His domestic success as also seen him recognised internationally, with appearances in the 2013, 2014, 2015 and 2017 Speedway Grand Prix of Great Britain, and he was a member of the Great Britain team that finished fourth in 2014 Speedway World Cup. In 2017, he became the British Champion.

In 2018, Cook became a full-time member of the Speedway Grand Series after being given a qualification position after he had finished fourth in the Speedway Grand Prix Challenge Final.
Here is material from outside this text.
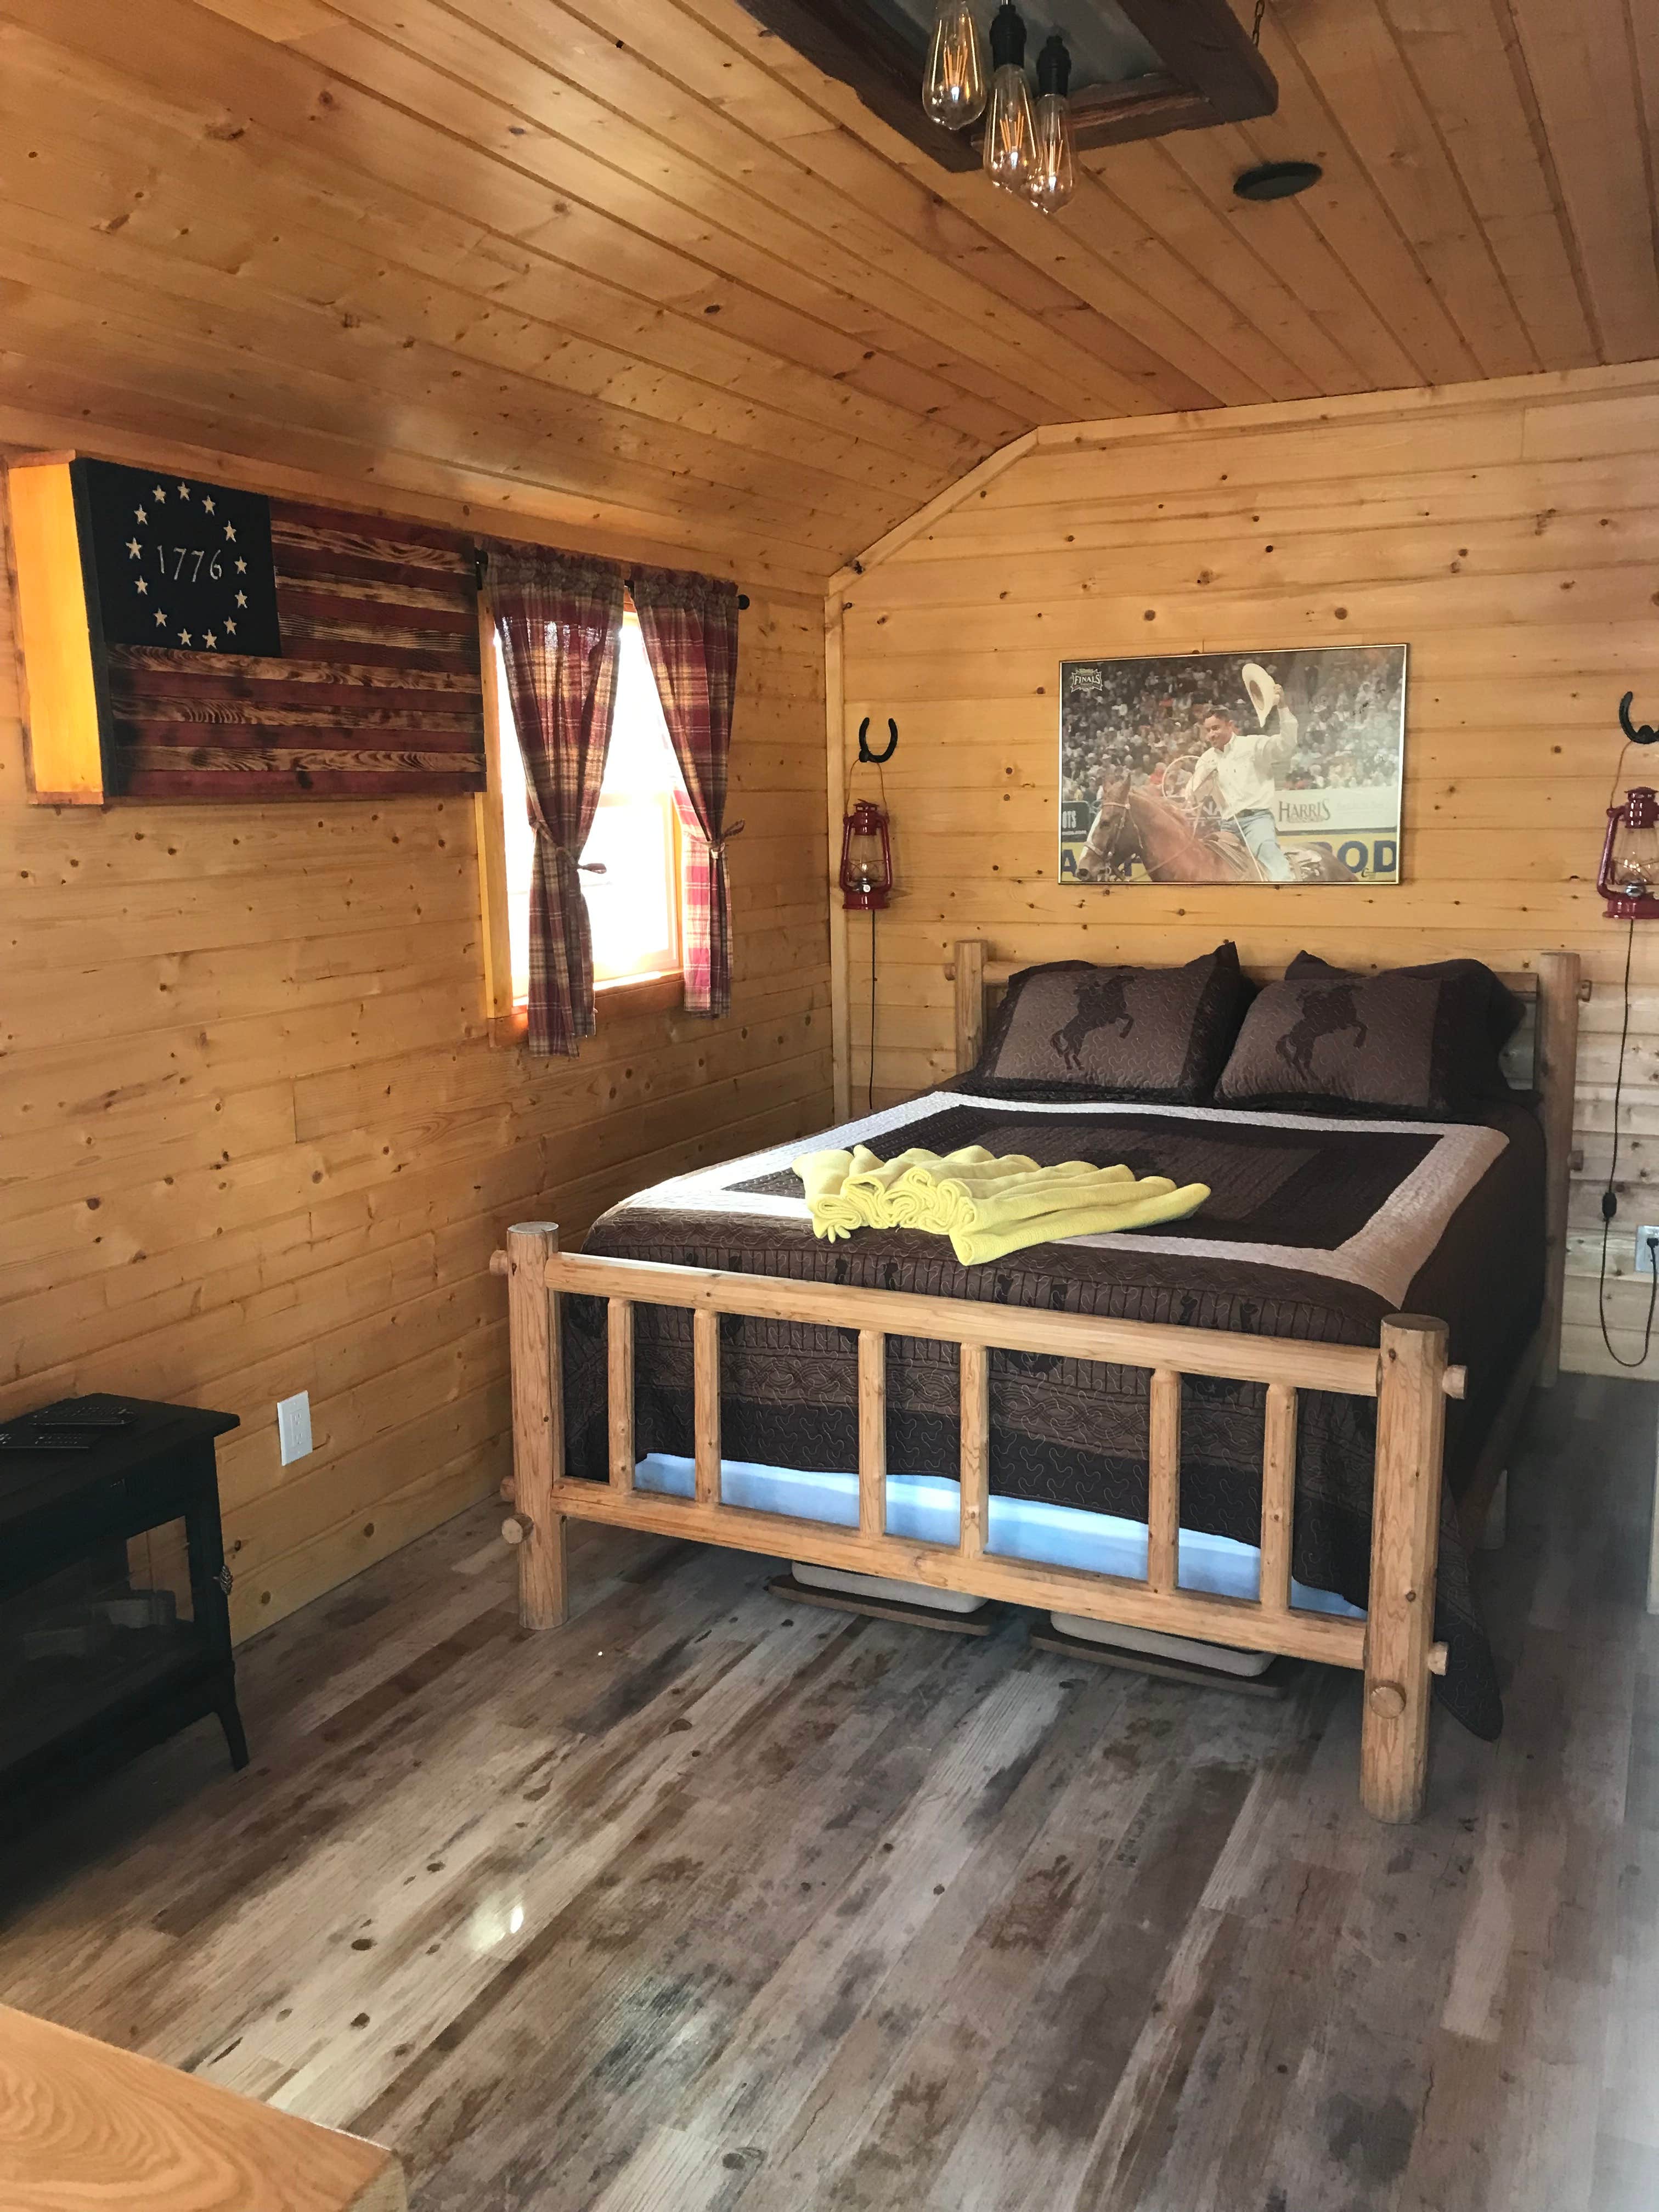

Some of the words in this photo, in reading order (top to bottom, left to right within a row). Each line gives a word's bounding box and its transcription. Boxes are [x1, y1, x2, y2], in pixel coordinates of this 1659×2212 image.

This was due to Patryk Dudek, who finished third in the SGP Challenge Final meeting, and also finishing second in the 2017 Speedway Grand Prix Series.

Cook joined Glasgow Tigers in the SGB Championship in 2018 and would stay with them until 2022. In 2019, he left Peterborough to join the King's Lynn Stars and enjoyed a good season, finishing sixth in the SGB Premiership 2019 averages.

In 2021, he rode in the top tier of British Speedway, riding for the King's Lynn Stars in the SGB Premiership 2021. In 2022, he rode for the Sheffield Tigers in the SGB Premiership 2022 and for Glasgow in the SGB Championship 2022.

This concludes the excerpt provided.